++++ Data to use ++++

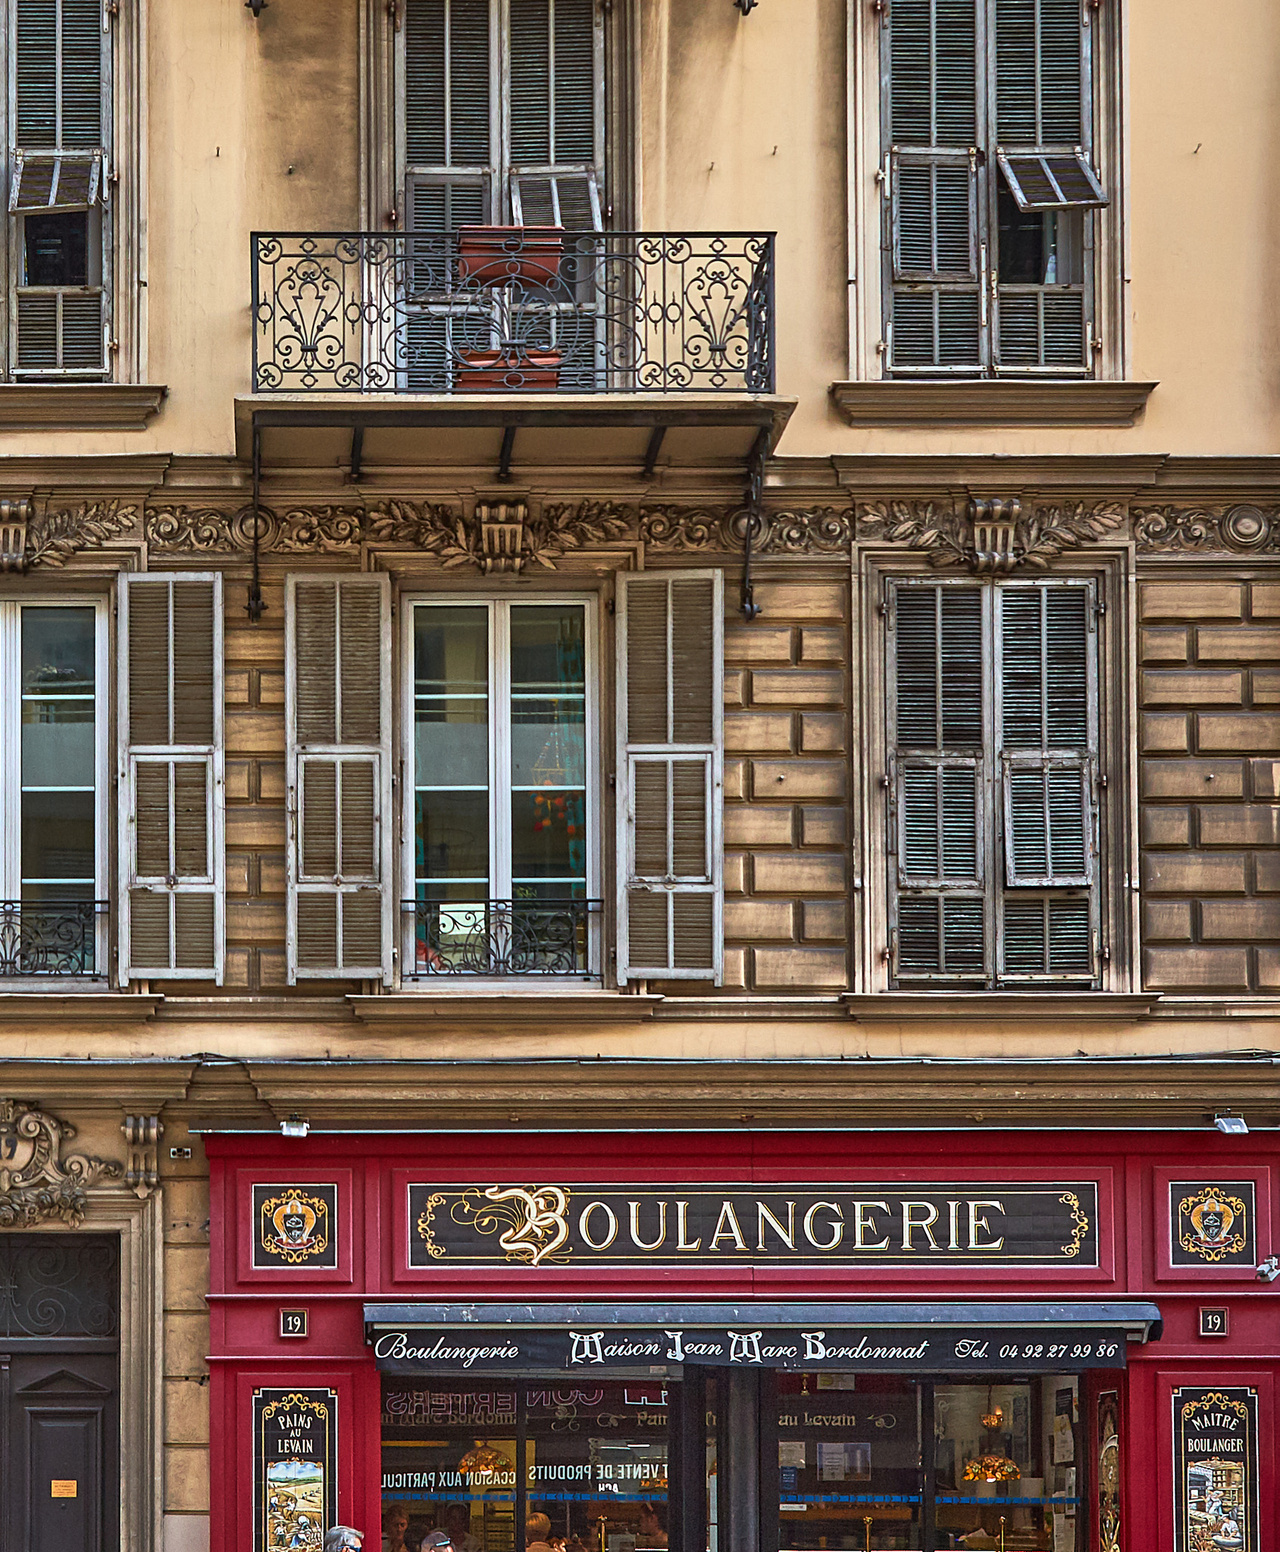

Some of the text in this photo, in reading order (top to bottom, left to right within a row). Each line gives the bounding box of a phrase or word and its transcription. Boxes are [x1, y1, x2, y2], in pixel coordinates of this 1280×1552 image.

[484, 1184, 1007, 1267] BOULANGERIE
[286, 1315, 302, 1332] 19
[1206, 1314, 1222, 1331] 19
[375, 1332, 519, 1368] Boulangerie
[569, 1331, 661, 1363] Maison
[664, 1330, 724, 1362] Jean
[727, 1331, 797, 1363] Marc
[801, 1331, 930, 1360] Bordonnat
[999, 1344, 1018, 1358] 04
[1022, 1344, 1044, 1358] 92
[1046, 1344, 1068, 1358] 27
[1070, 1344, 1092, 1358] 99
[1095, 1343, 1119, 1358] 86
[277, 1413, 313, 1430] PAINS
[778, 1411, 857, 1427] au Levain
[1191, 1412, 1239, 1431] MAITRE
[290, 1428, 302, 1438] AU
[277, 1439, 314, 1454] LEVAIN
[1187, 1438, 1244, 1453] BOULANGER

++++

Task directions:
Return every record exactly, minus the pictures.

Solution to the problem:
Some of the text in this photo, in reading order (top to bottom, left to right within a row). Each line gives the bounding box of a phrase or word and its transcription. Boxes are [x1, y1, x2, y2], in pixel coordinates of this 1280×1552 image.

[484, 1184, 1007, 1267] BOULANGERIE
[286, 1315, 302, 1332] 19
[1206, 1314, 1222, 1331] 19
[375, 1332, 519, 1368] Boulangerie
[569, 1331, 661, 1363] Maison
[664, 1330, 724, 1362] Jean
[727, 1331, 797, 1363] Marc
[801, 1331, 930, 1360] Bordonnat
[999, 1344, 1018, 1358] 04
[1022, 1344, 1044, 1358] 92
[1046, 1344, 1068, 1358] 27
[1070, 1344, 1092, 1358] 99
[1095, 1343, 1119, 1358] 86
[277, 1413, 313, 1430] PAINS
[778, 1411, 857, 1427] au Levain
[1191, 1412, 1239, 1431] MAITRE
[290, 1428, 302, 1438] AU
[277, 1439, 314, 1454] LEVAIN
[1187, 1438, 1244, 1453] BOULANGER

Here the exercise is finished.